▶ [Problem description]:
An exact copy of every record below is required, with the pictures left out.

********************

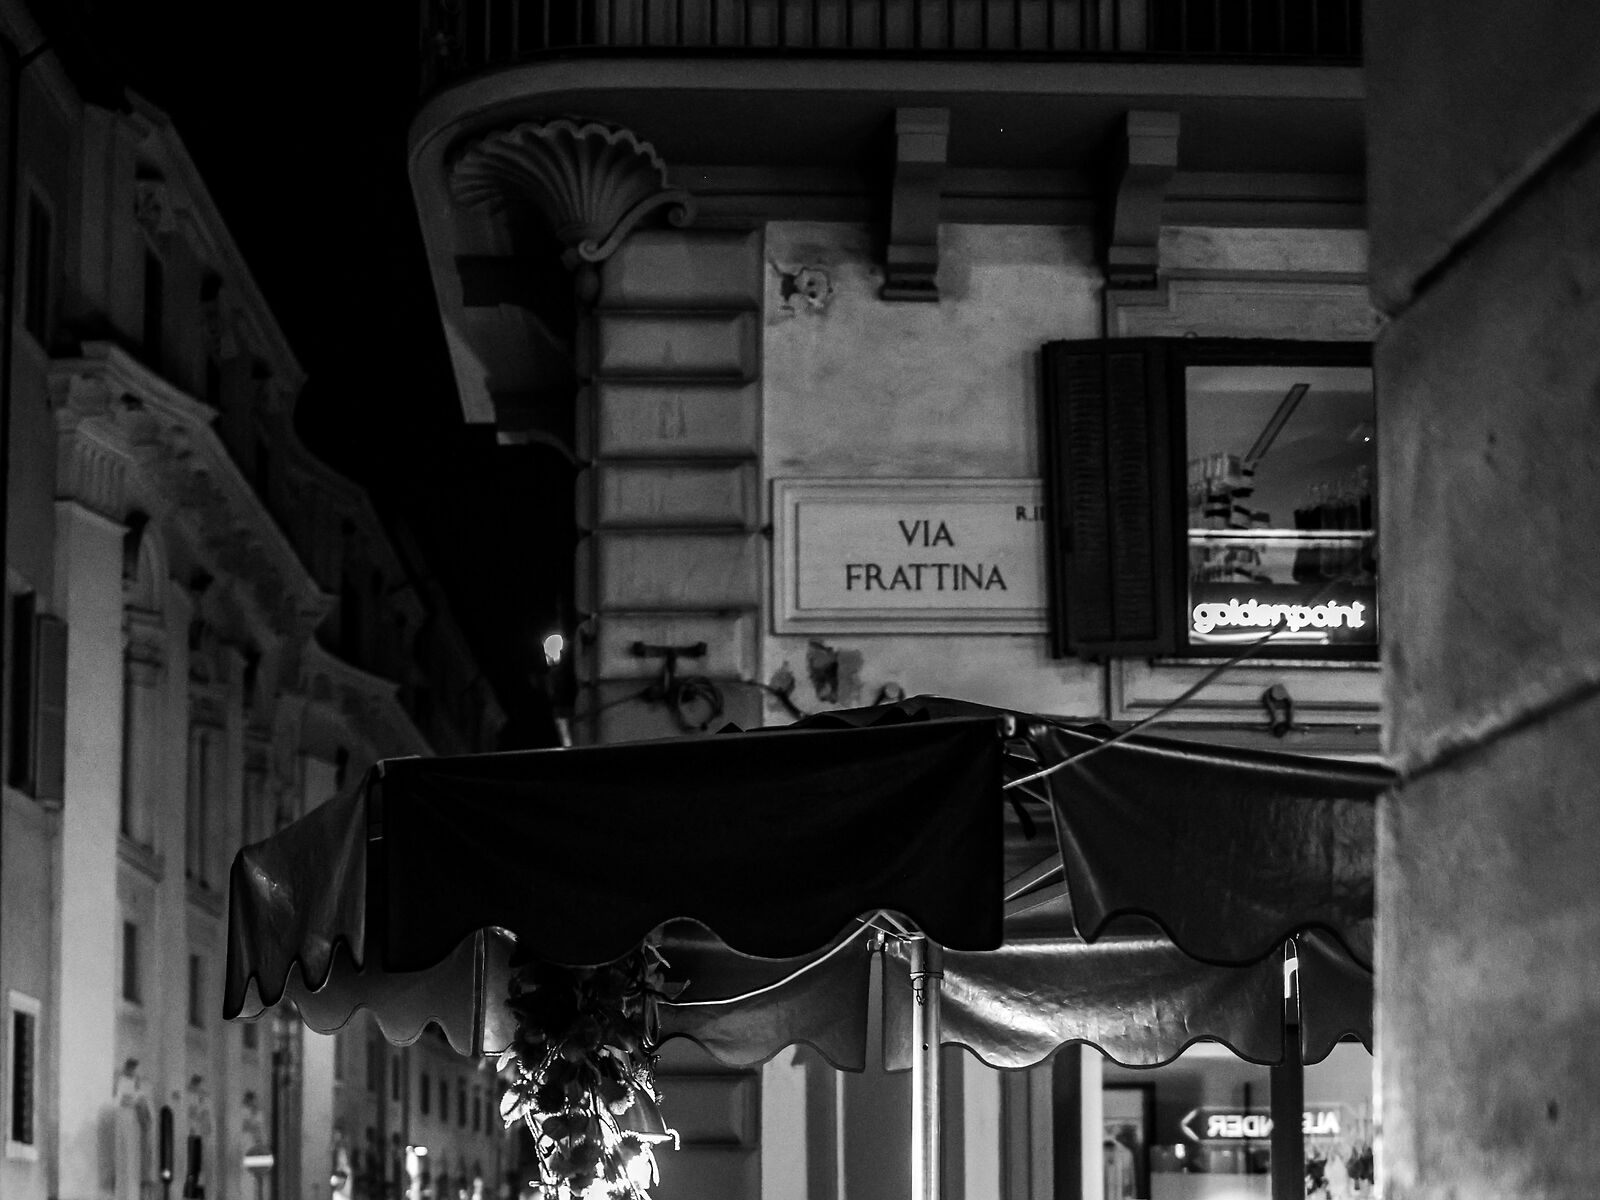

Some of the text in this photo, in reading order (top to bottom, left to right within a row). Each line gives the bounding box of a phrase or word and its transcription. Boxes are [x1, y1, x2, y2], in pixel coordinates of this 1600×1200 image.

[898, 520, 955, 547] VIA
[846, 563, 1008, 591] FRATTINA
[1193, 598, 1366, 634] goldenpoint
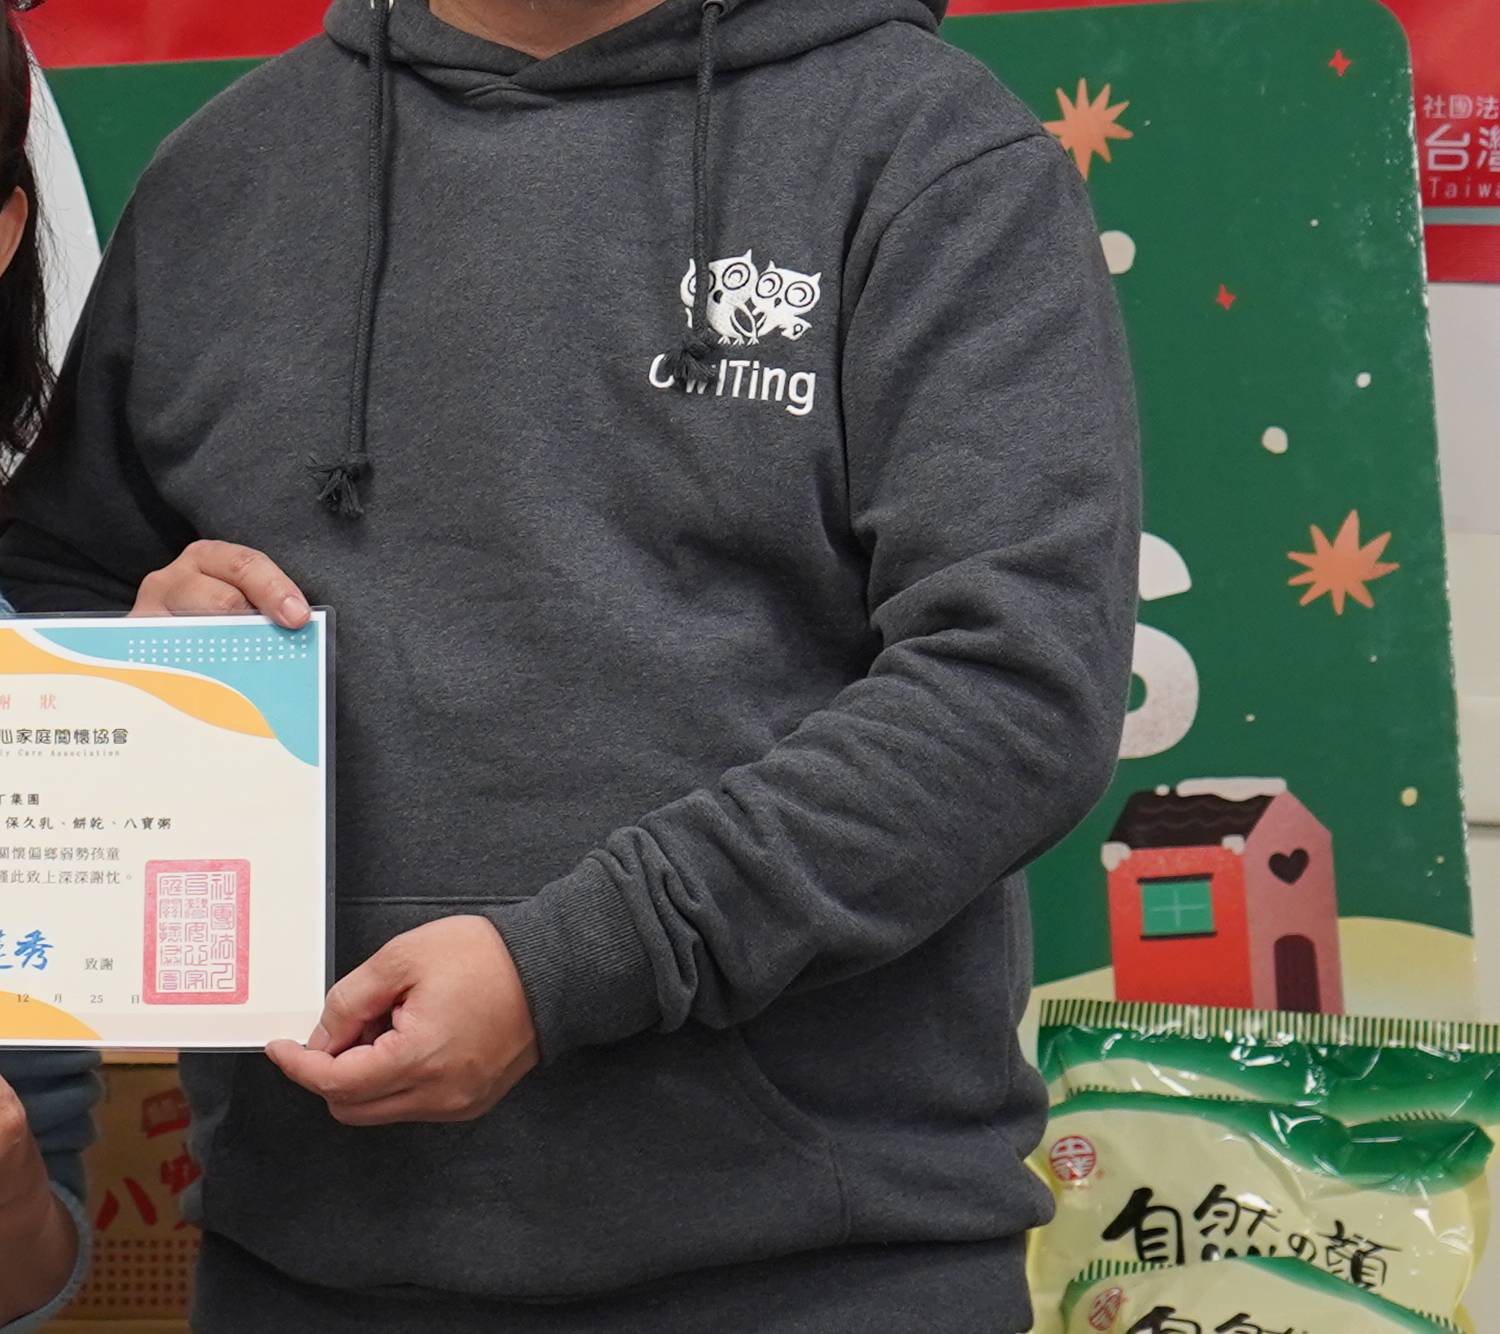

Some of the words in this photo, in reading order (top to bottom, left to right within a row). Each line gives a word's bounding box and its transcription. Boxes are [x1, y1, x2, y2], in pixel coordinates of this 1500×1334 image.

********************

▶ [Output for this exercise]:
Some of the text in this photo, in reading order (top to bottom, left to right within a row). Each line gives the bounding box of a phrase or word and its transcription. Boxes are [x1, y1, x2, y2], in pixel coordinates of this 1600×1200 image.

[898, 520, 955, 547] VIA
[846, 563, 1008, 591] FRATTINA
[1193, 598, 1366, 634] goldenpoint

Some of the words in this photo, in reading order (top to bottom, left to right within a row). Each line gives a word's bounding box and its transcription. Boxes are [x1, y1, x2, y2], in pixel coordinates of this 1500×1334 image.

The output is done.